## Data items
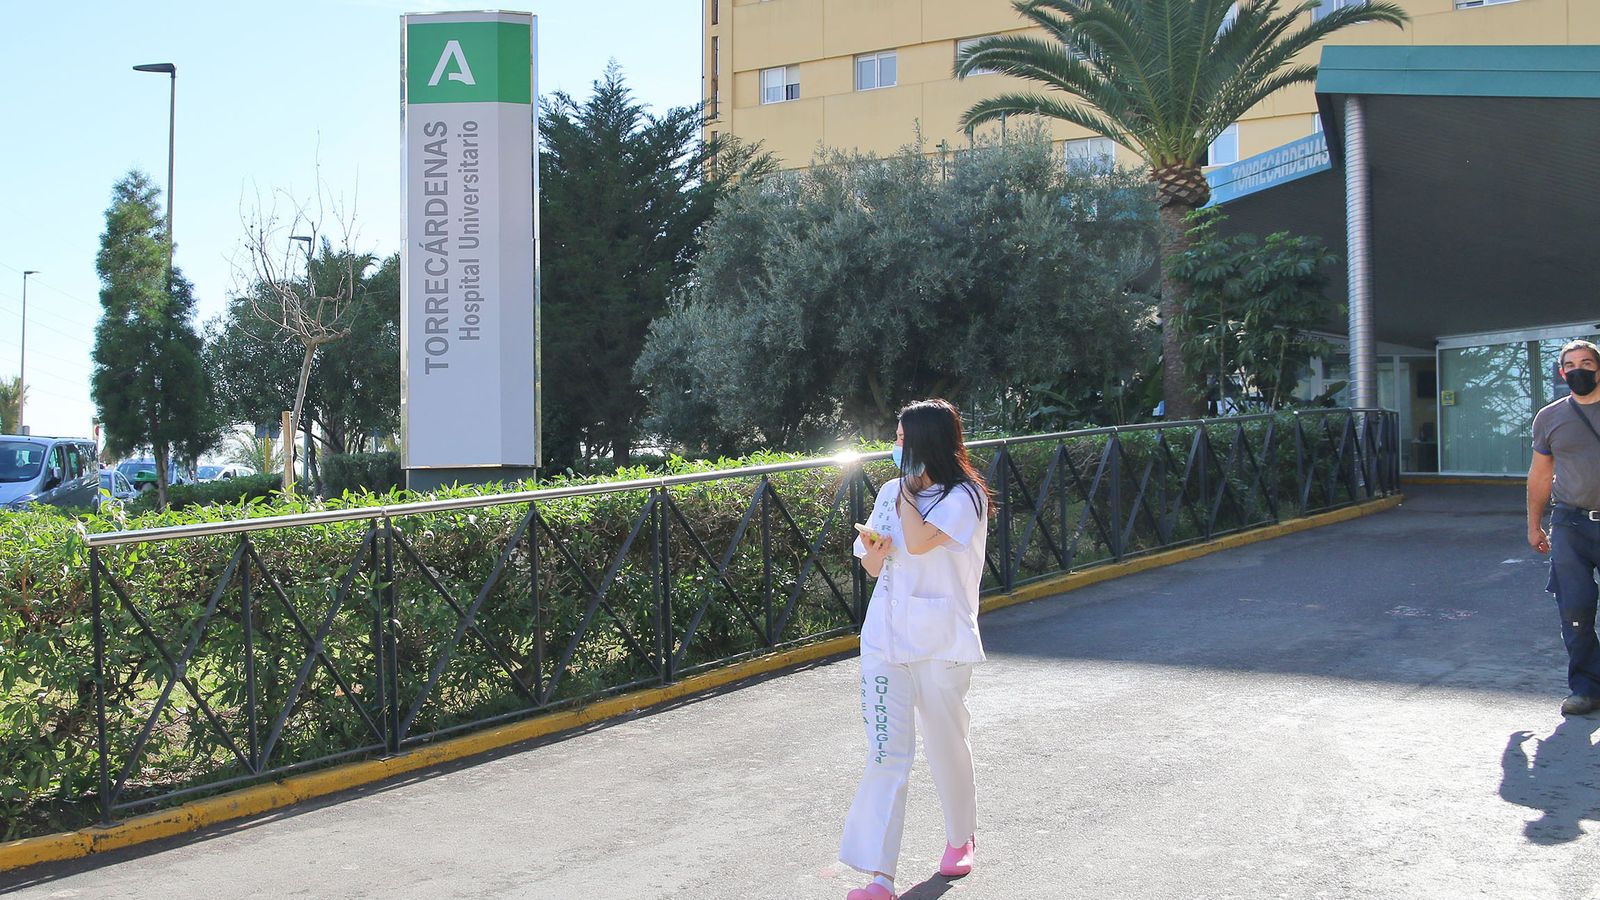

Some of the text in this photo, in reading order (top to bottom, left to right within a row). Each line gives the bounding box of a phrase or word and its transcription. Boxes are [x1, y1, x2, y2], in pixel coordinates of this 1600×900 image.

[458, 120, 485, 341] Hospital Universitario
[1232, 136, 1330, 193] TORRECARDENAS
[419, 120, 449, 375] TORRECÁRDENAS
[874, 675, 889, 764] QUIRURGICA
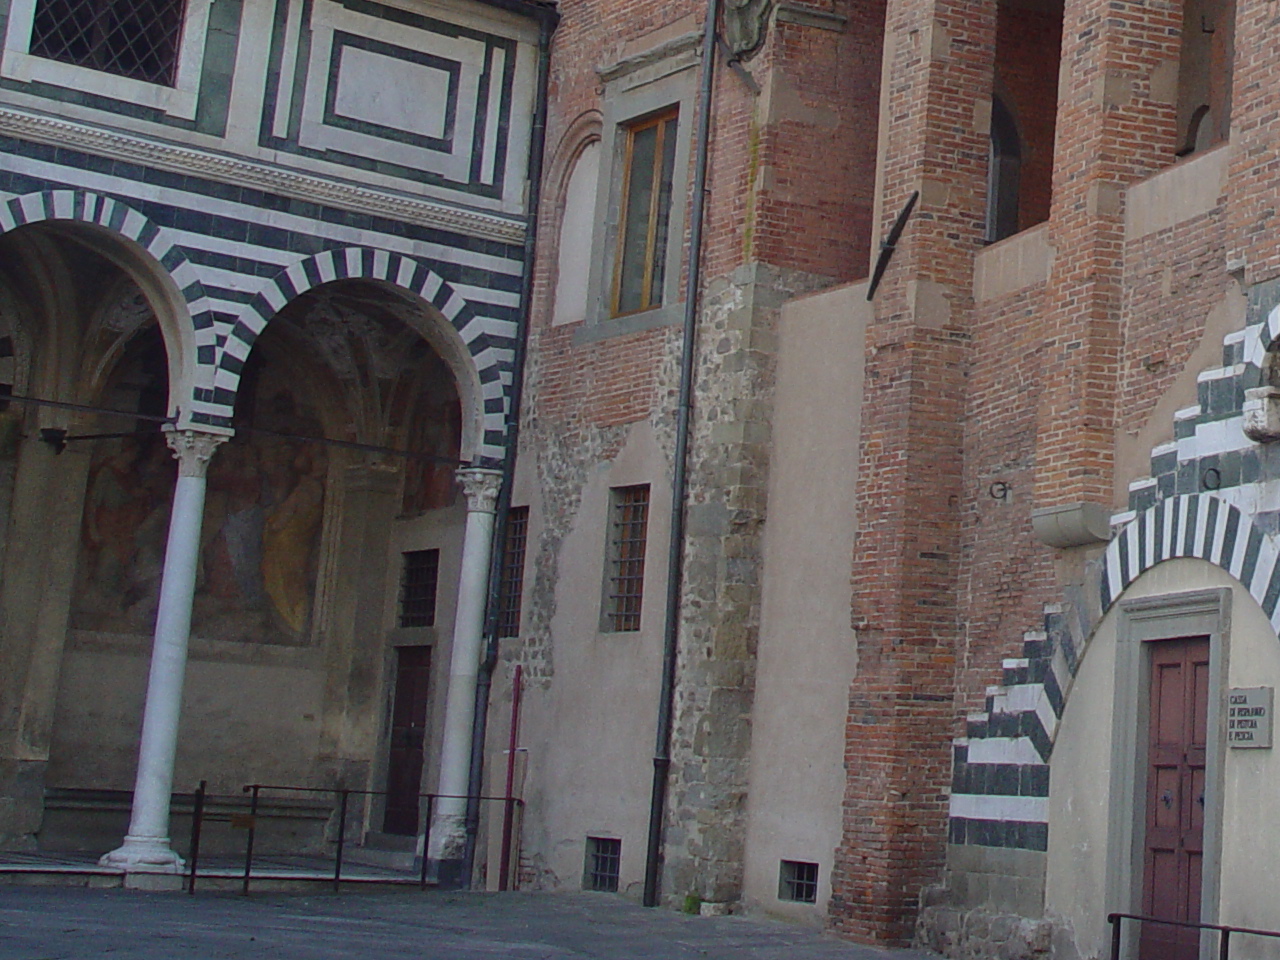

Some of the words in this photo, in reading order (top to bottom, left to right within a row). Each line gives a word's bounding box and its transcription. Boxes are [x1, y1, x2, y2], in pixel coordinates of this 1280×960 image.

[1230, 708, 1235, 717] DI
[1229, 720, 1235, 729] DI
[1229, 731, 1233, 741] E
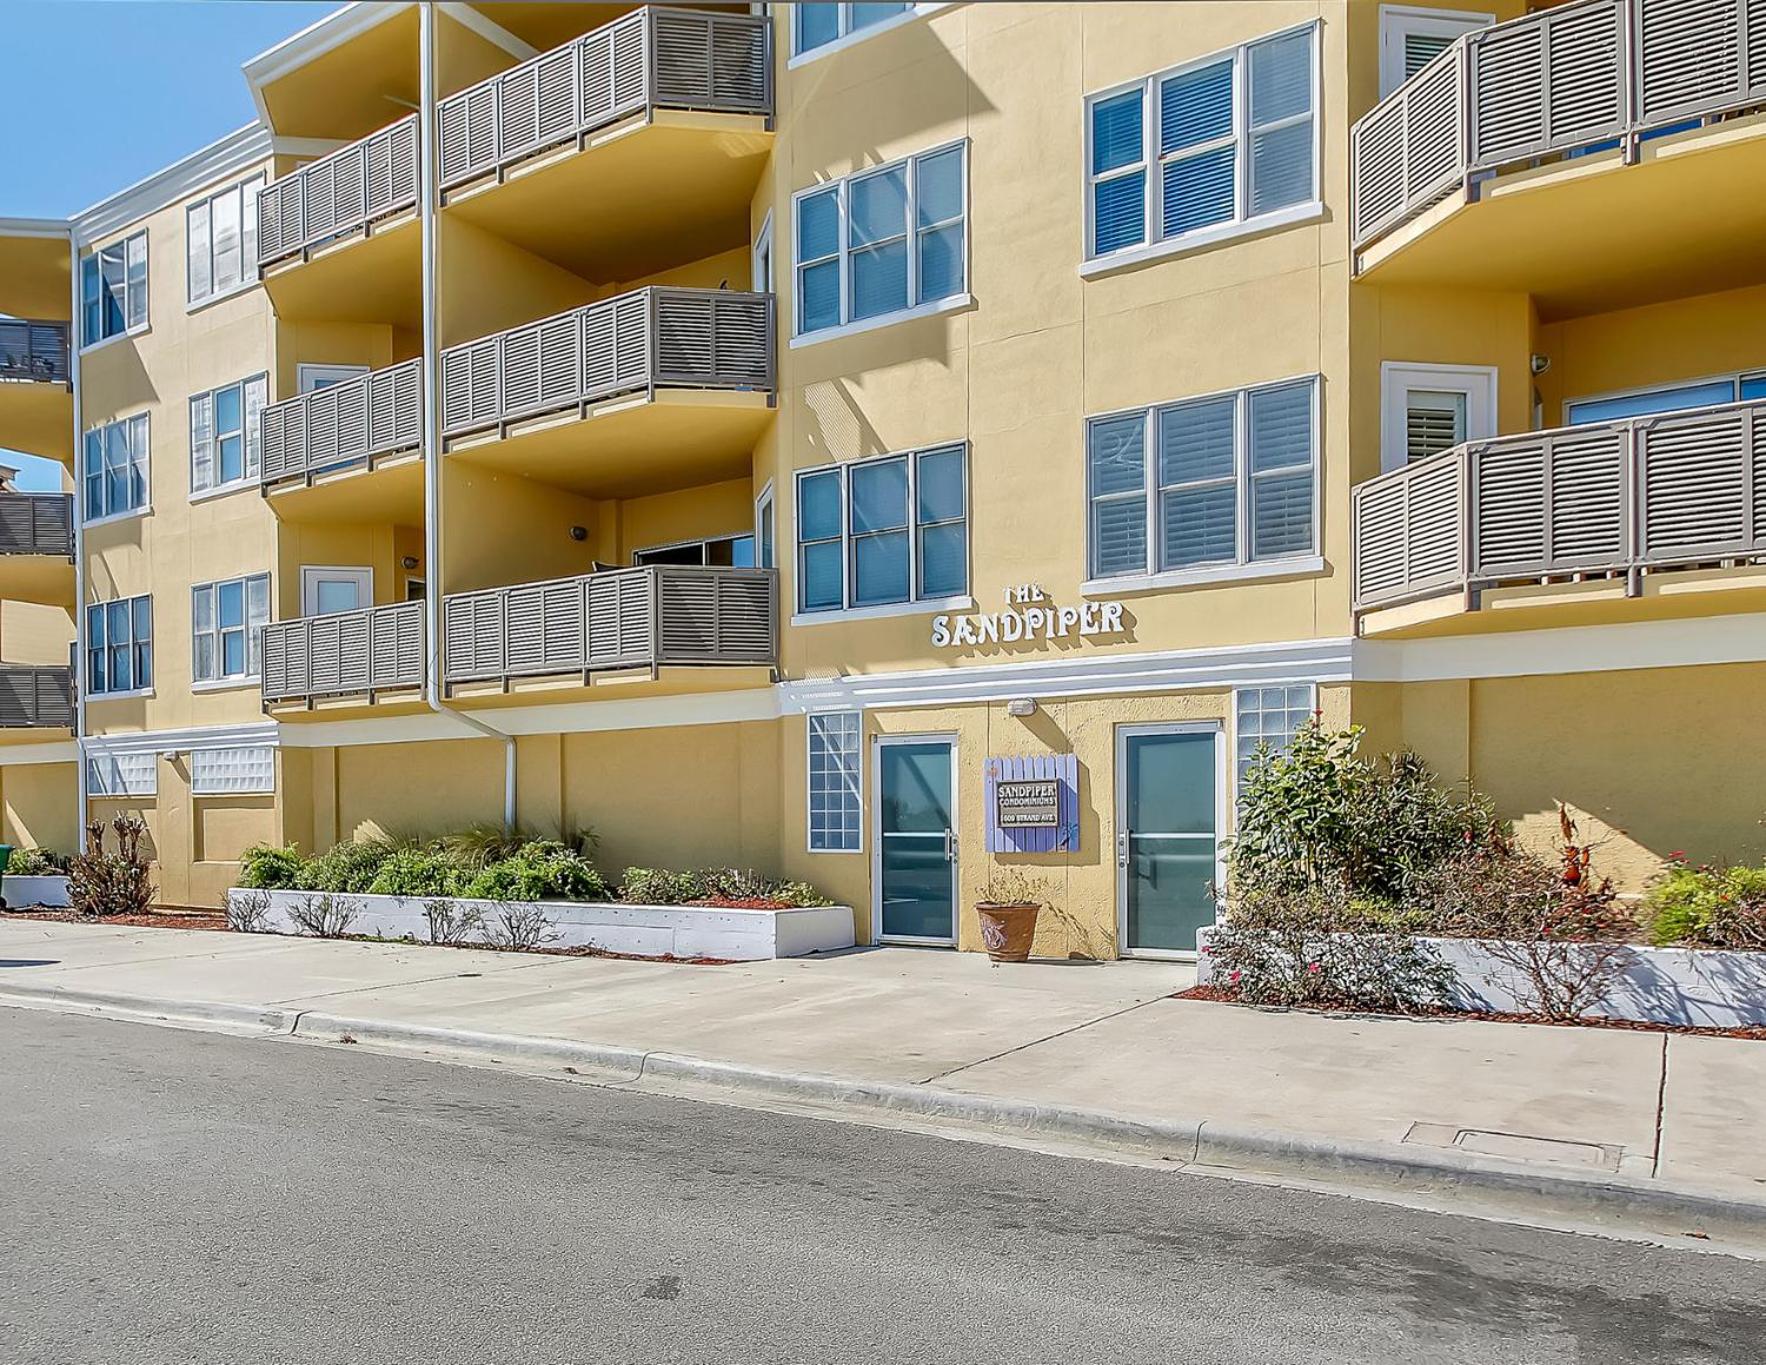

## Task instructions
Give the records above again verbatim, pictures omitted.

## Response
Some of the text in this photo, in reading order (top to bottom, left to right within a row). Each line gives the bounding box of a phrase or word and its transcription. Boxes are [x1, y1, x2, y2], in pixel coordinates of this 1600×900 image.

[458, 120, 485, 341] Hospital Universitario
[1232, 136, 1330, 193] TORRECARDENAS
[419, 120, 449, 375] TORRECÁRDENAS
[874, 675, 889, 764] QUIRURGICA

Some of the words in this photo, in reading order (top to bottom, left to right within a row). Each line gives a word's bounding box and its transcription. Boxes are [x1, y1, x2, y2], in pixel coordinates of this 1280×960 image.

[1230, 708, 1235, 717] DI
[1229, 720, 1235, 729] DI
[1229, 731, 1233, 741] E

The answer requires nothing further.